Fazer a crônica de um ano que se mostrou altamente improdutivo seria revisitar os muitos rascunhos que comecei a escrever e não consegui terminar. Como terapia, perdi muito. Tolkien entende isso como ninguém. As histórias que criamos ou contamos são, muitas vezes, a necessidade premente que temos de moderar nossa maneira de expressar o nosso ‘sentimento de mundo’ e a maneira como o vemos ou como nos situamos nele. Mesmo que isso não acrescente nada à vida de ninguém. Quem já experimentou escrever já deve ter sentido isto em algum momento.
Foi um ano meio parado em termos de leitura física, também. O apelo do mundo exterior foi de uma força excepcional este ano e poucas vezes consegui provar o gosto de mergulhar fundo dentro de um livro, ao ponto de esquecer de tudo ao meu redor. Guardei poucas novas referências boas para passar, mas uma hora elas vão acabar aparecendo aqui e ali, eu espero!
Tive, no entanto, muito boas realizações profissionais e isto sempre dá algum alento ao resto da coisa toda, não é verdade? Na minha retrospectiva, além da sedimentação da certeza da tranquilidade emocional que só uma boa estrutura familiar nos dá, a parte profissional foi o que 2024 deixou me deixou de mais motivador.
Também comprei um pedaço de mato para chamar de meu. No dia primeiro de janeiro foi a terra de lá que semeei ao vento, ao pôr-do-sol. Van Gogh à parte, faltou o vento. Mas, não se pode ter tudo. De lá muitas histórias chegarão, eu espero. Publicadas ou não.
E então é isso, muita coisa para dizer mas pouca coisa para contar agora, neste ensaio de tente-outra-vez. No planeta Terra, nada de novo sob o sol; o mundo continua o mundo, a gente derrotando um Sauron a cada dia e vendo orcs surgindo em lugares muitas vezes inesperados. Mas, mesmo sem escrever nem contar muita coisa, muitas histórias eu vivi. Mantive a minha hobbitez no coração e sigo dentro da minha própria história. Como meu mestre mandou.

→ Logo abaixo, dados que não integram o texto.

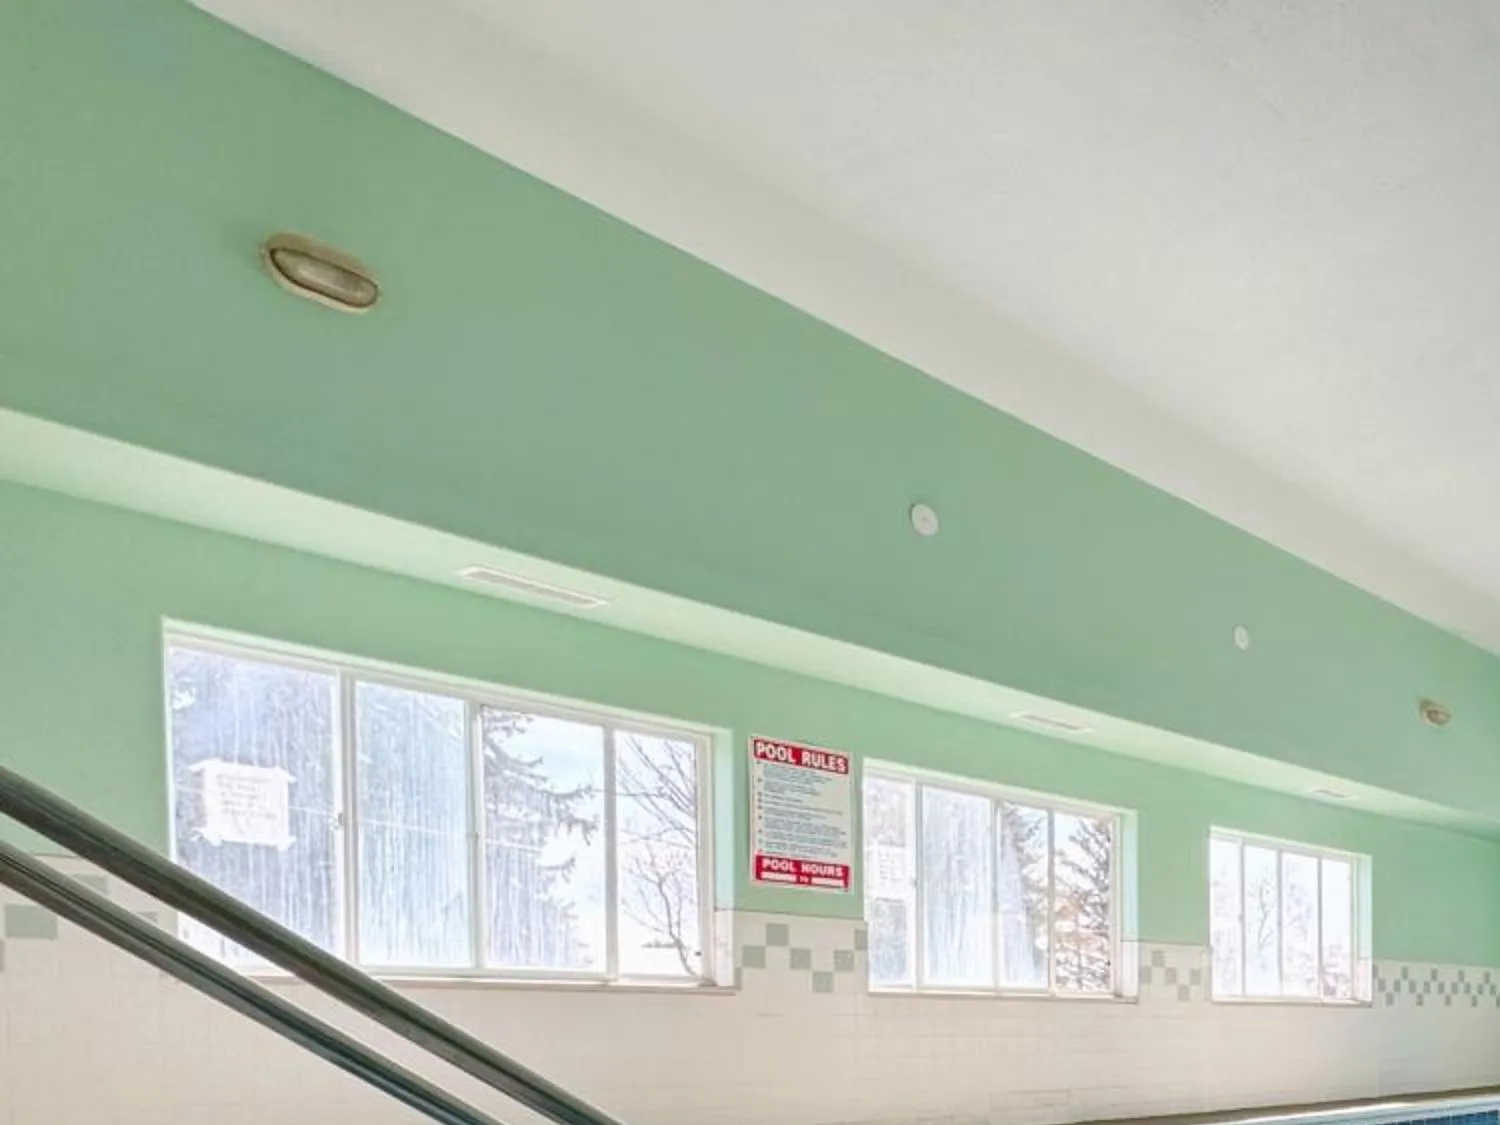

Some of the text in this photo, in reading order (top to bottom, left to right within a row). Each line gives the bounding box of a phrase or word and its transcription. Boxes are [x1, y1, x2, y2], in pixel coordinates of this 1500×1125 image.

Hoje, em mais um ano (embora pífio) da Gata Preta, ainda cedo espaço, como de costume, ao Professor. É também dele o aniversário de hoje. Em 2025 eu espero passar desta crônica e poder, finalmente, dizer: – Voltei! Por enquanto, foi mais um ensaio de passo de dança semiesquecido. Mas deve ser como andar de bicicleta. Vamos ver no que dá…
Tenham todos um bom ano! Eu, de minha parte, em breve serei avó!!!
P.S.: Esta pequena crônica de retorno eu dedico, como agradecimento, às duas únicas leitoras que nunca deixaram de me cobrar a próxima crônica. Elas sabem quem elas são.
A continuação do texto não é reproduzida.